Improving patient adherence through data-driven insights

When patients fail to follow prescribed medical regimens, outcomes suffer. A McKinsey study points to areas pharmaceutical companies can address to combat this long-standing industry issue.

Failure to adhere to prescribed-medication regimens is one of the principal reasons patients don’t achieve the expected outcomes from their treatment. Solving this challenge has been a major goal for pharmaceutical and healthcare organizations for decades. Studies show that 50 to 60 percent of patients with chronic illnesses miss doses, take the wrong doses, or drop off treatment in the first year.1 An estimated 125,000 lives are lost annually in the United States and additional healthcare expenditures of $290 billion are driven by nonadherence.2 An estimated 10 percent of hospitalizations in older patients are considered avoidable through improved medication adherence.3 Beyond the primary goal of healthier and longer lives for patients, improved adherence also has a direct impact on pharmaceutical-industry revenues.

In this article we delve into insights from a McKinsey study that examined differences in adherence across diseases, and among branded medications treating the same disease. We find interesting variations among diseases and drugs that we will explore further in this article. The study applied a 360-degree approach to examine factors that may influence patient adherence (see “A 360-degree approach to patient adherence”). We analyzed select patterns in adherence data for the top branded medications in eight disease categories.4 The study principally examined patients in the United States, looking at pharmacy (prescription) data and medical claims using a data set covering millions of patients from Crossix Solutions,5 a data-analytics company. The data contain a host of patient characteristics, including psychographics, socioeconomic indicators, and consumer-purchase patterns, which are referenced in examples throughout.
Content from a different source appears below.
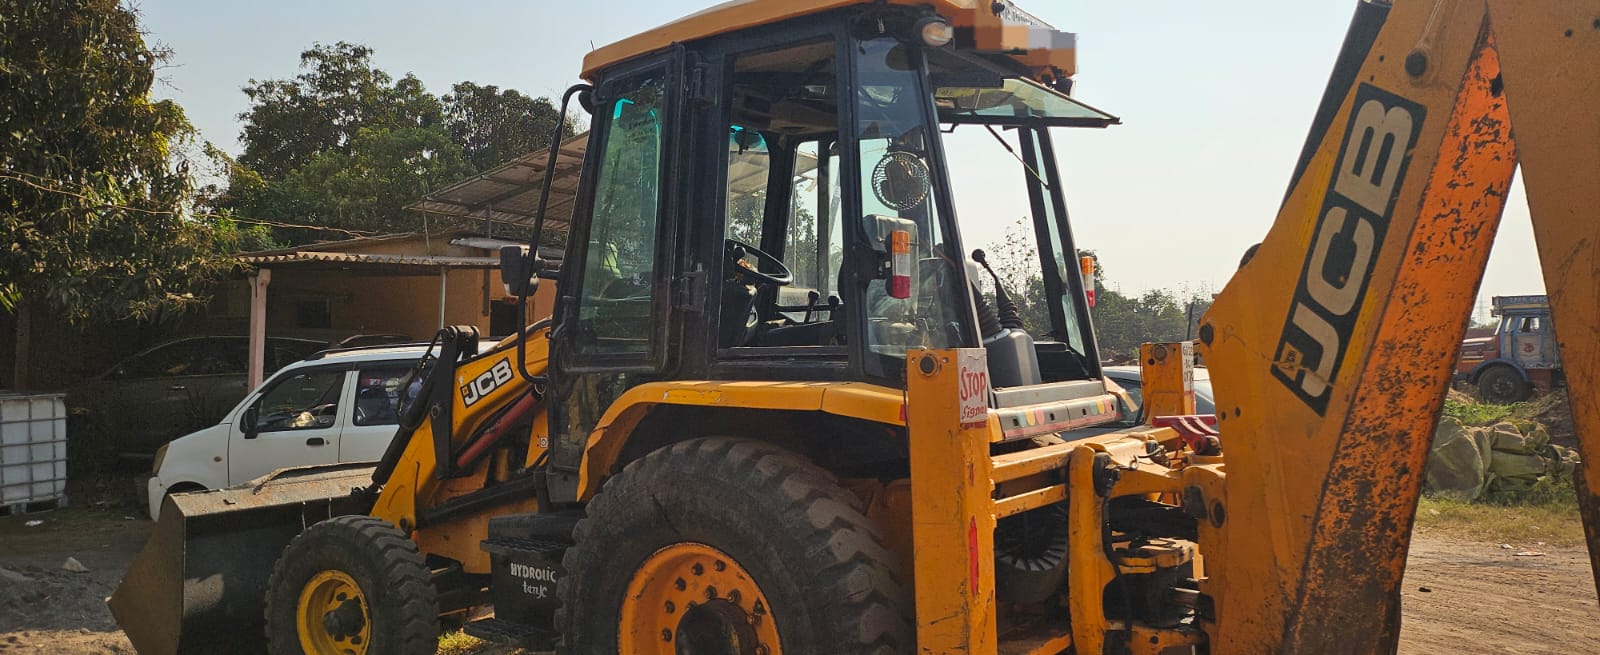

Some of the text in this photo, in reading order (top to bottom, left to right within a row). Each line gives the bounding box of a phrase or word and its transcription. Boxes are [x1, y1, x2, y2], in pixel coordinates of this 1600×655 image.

There are three principle measures of adherence:

  • Persistence. How long patients take a drug before either switching to a new drug or stopping treatment entirely. This is measured by how many patients continue to fill their prescriptions.
  • Compliance. How closely patients follow the prescribed treatment plan. This is measured by how many persistent patients fill their prescribed doses on schedule, based on the approved product label. We have considered patients to be compliant if at least 80 percent of doses, according to approved product label, were filled within the study period.
  • Adherence. Combined view of compliance and persistence, measured by the share of all patients, who fill their prescribed doses on schedule, based on the approved product label. Similar to compliance, we have considered patients to be adherent if at least 80 percent of doses, according to approved product label, were filled within the study period.

We explored two of these dimensions in our analysis: persistence and adherence.

Adherence varies widely among medications treating the same disease

As might be expected, adherence rates varied noticeably among the disease categories examined. Exhibit 1 shows adherence and persistence rates across diseases.

The data show a significant lack of adherence across disease categories, all of which are chronic in nature. Across diseases, 26 to 63 percent of patients do not adhere to the treatment regimen indicated by the approved product label. Further, after one year, 50 percent or fewer patients remained on their treatment across all the diseases analyzed.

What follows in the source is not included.